EXERCISE BRIEF: Copy each entry below exactly. No images.

INFORMATION SHOWN:
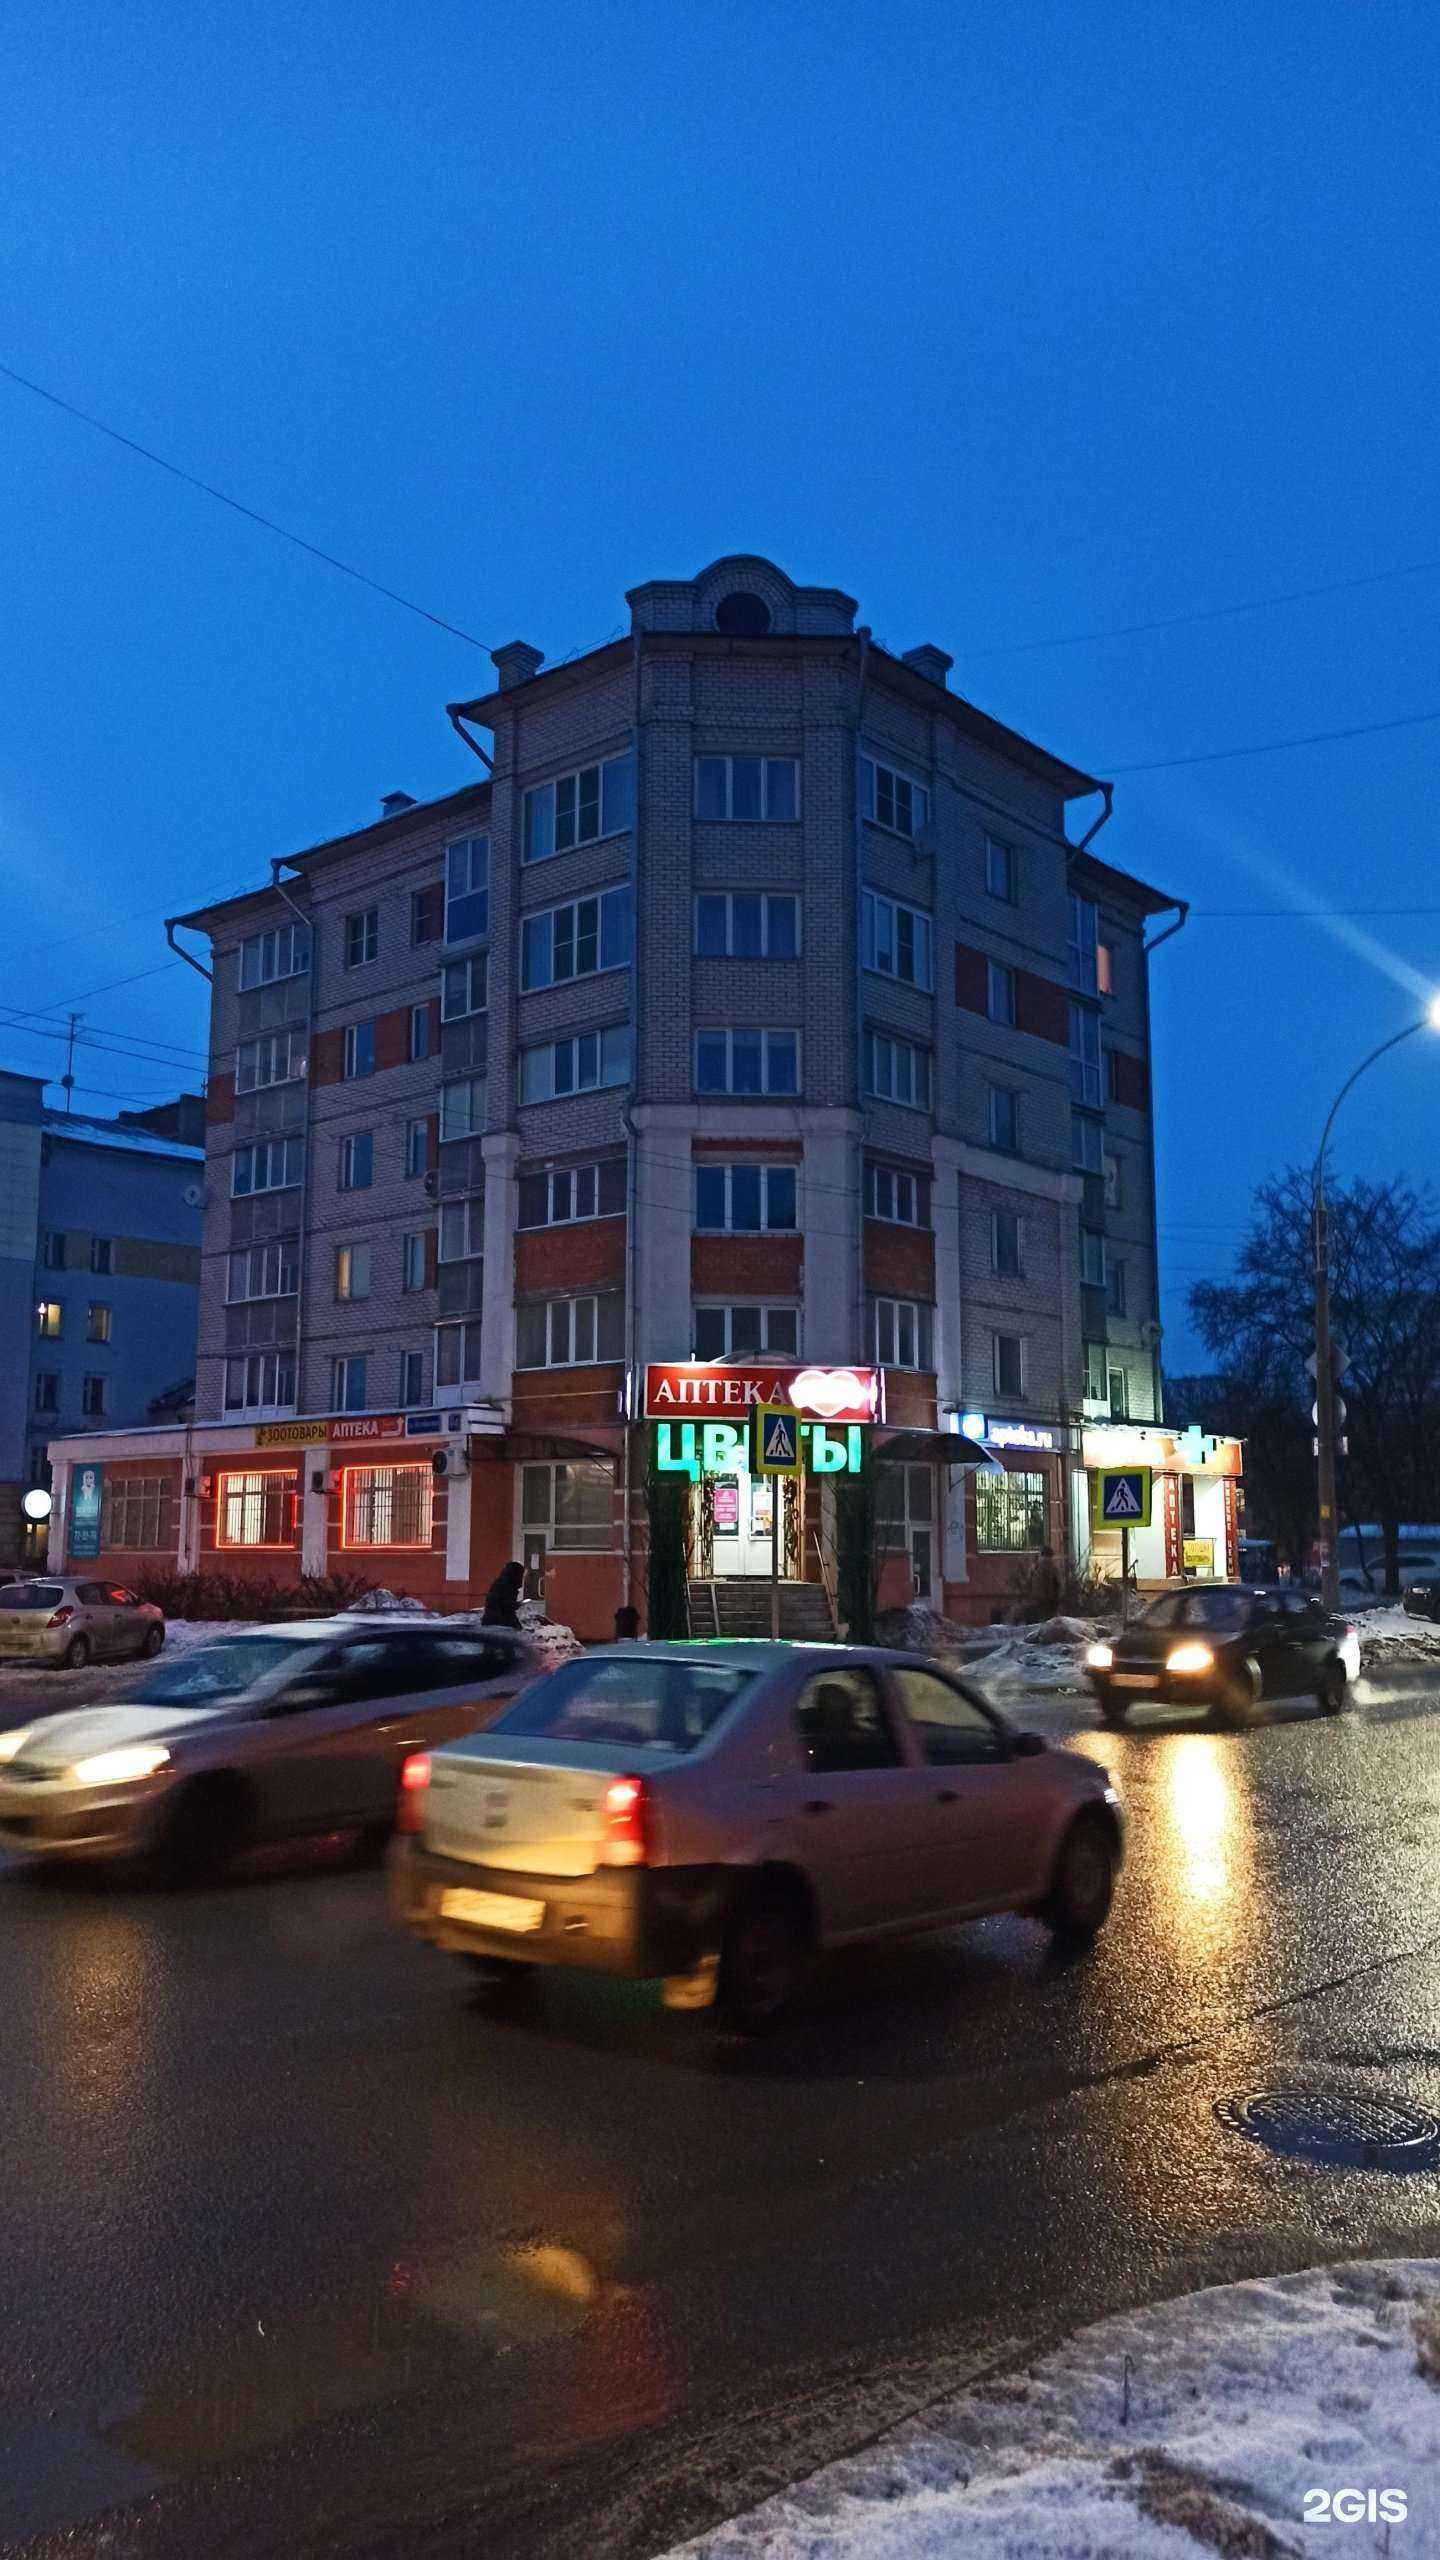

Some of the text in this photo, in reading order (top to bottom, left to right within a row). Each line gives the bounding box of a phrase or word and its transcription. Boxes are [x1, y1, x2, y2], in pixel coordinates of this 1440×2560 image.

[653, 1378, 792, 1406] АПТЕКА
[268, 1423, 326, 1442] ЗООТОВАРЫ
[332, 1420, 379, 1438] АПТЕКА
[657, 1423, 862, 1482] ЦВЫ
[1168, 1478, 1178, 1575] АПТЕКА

SOLUTION FOR THIS EXERCISE:
Some of the text in this photo, in reading order (top to bottom, left to right within a row). Each line gives the bounding box of a phrase or word and its transcription. Boxes are [x1, y1, x2, y2], in pixel coordinates of this 1440×2560 image.

[653, 1378, 792, 1406] АПТЕКА
[268, 1423, 326, 1442] ЗООТОВАРЫ
[332, 1420, 379, 1438] АПТЕКА
[657, 1423, 862, 1482] ЦВЫ
[1168, 1478, 1178, 1575] АПТЕКА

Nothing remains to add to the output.